BEGIN Data supplied

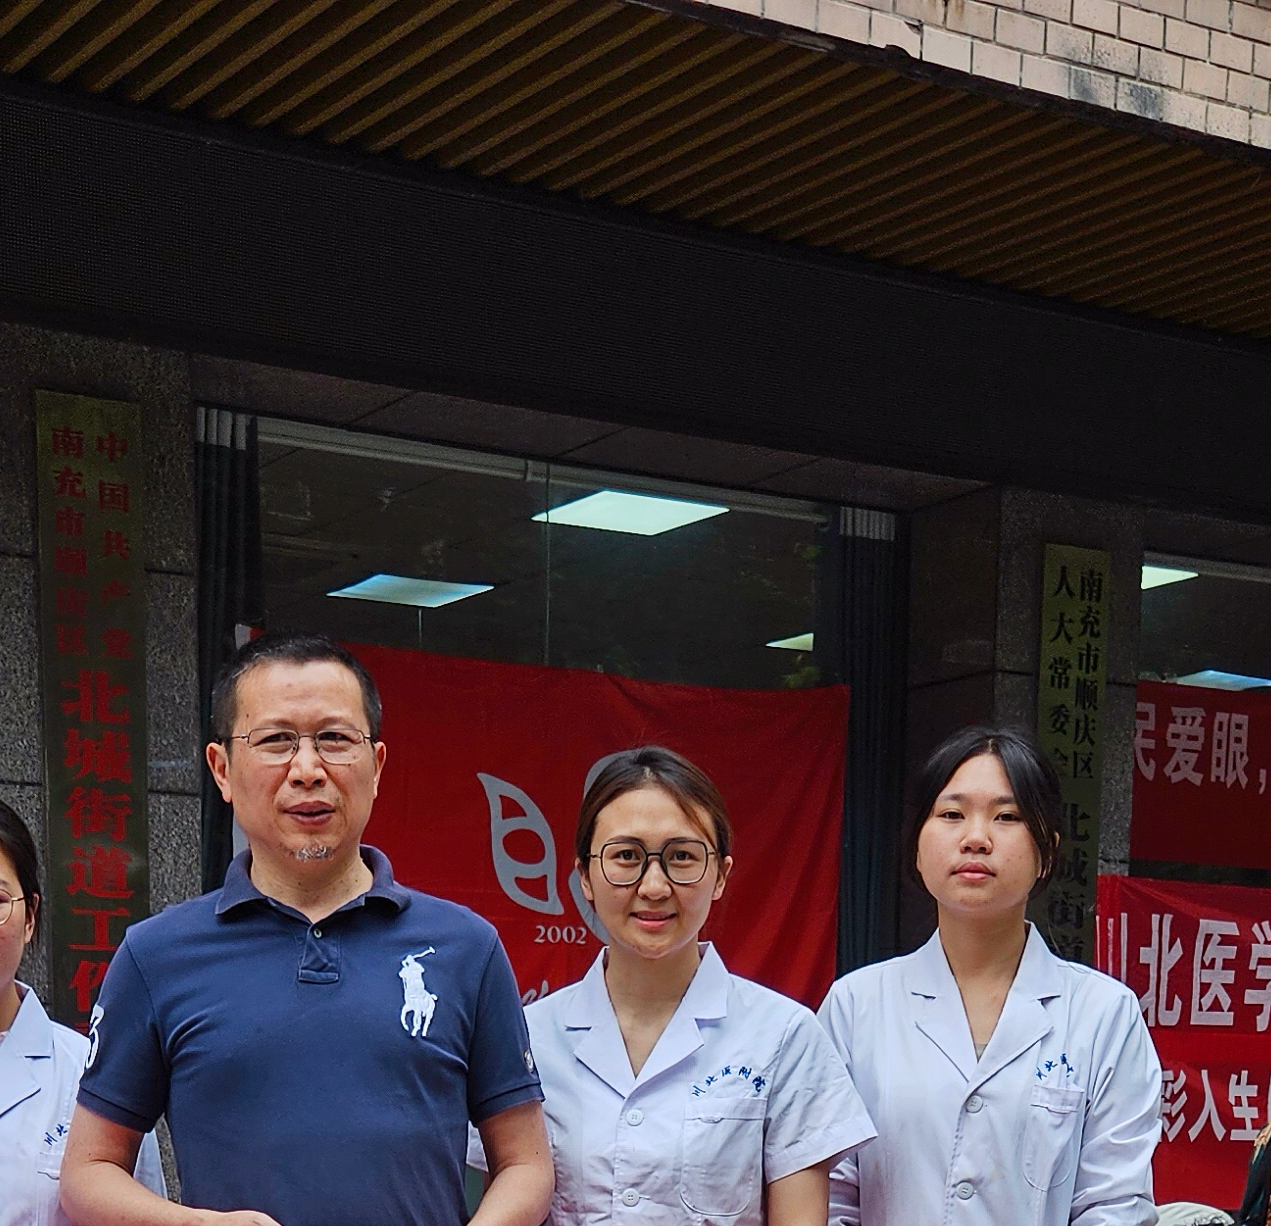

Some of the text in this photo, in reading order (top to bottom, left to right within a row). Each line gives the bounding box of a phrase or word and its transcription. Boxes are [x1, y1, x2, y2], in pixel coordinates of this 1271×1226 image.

[50, 424, 90, 658] 南充市顺庆区
[96, 431, 133, 661] 中国共产党
[1072, 568, 1103, 779] 南充市顺庆区
[60, 669, 135, 1037] 北城街道工作
[534, 924, 587, 945] 2002
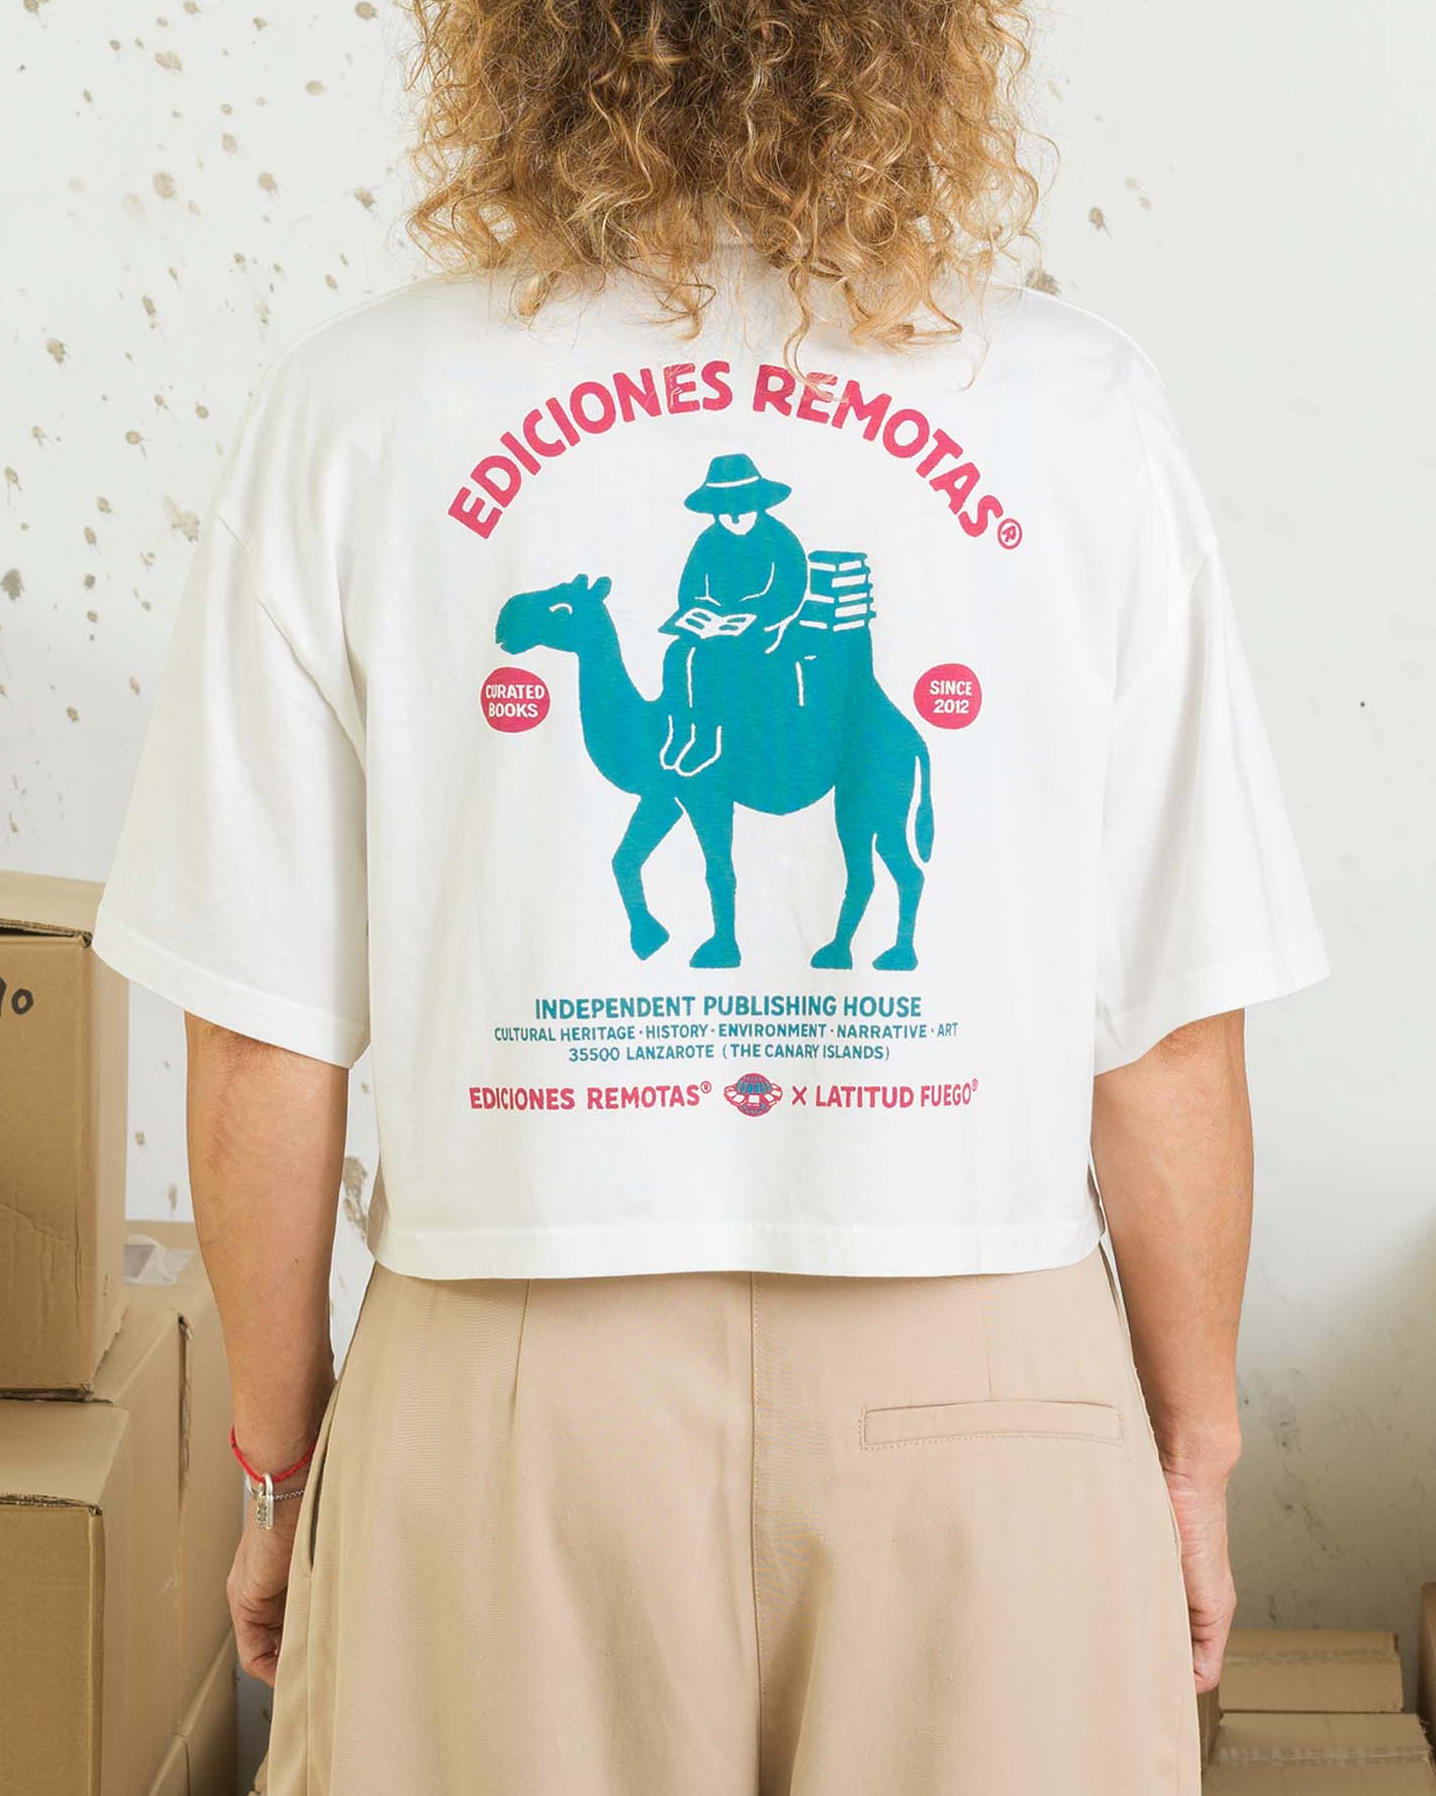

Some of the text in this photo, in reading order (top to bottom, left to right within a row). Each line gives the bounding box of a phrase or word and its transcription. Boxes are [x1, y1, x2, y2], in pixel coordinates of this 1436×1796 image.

END Data supplied

# Task:
Excluding images, return all of the records above word for word.

# Output:
Some of the text in this photo, in reading order (top to bottom, left to right within a row). Each line gives the bounding box of a phrase or word and its transcription. Boxes are [x1, y1, x2, y2], in pixel coordinates of this 1271×1226 image.

[50, 424, 90, 658] 南充市顺庆区
[96, 431, 133, 661] 中国共产党
[1072, 568, 1103, 779] 南充市顺庆区
[60, 669, 135, 1037] 北城街道工作
[534, 924, 587, 945] 2002

Some of the text in this photo, in reading order (top to bottom, left to right within a row). Each line gives the bounding box of a phrase or word and its transcription. Boxes are [x1, y1, x2, y2], in pixel coordinates of this 1436×1796 image.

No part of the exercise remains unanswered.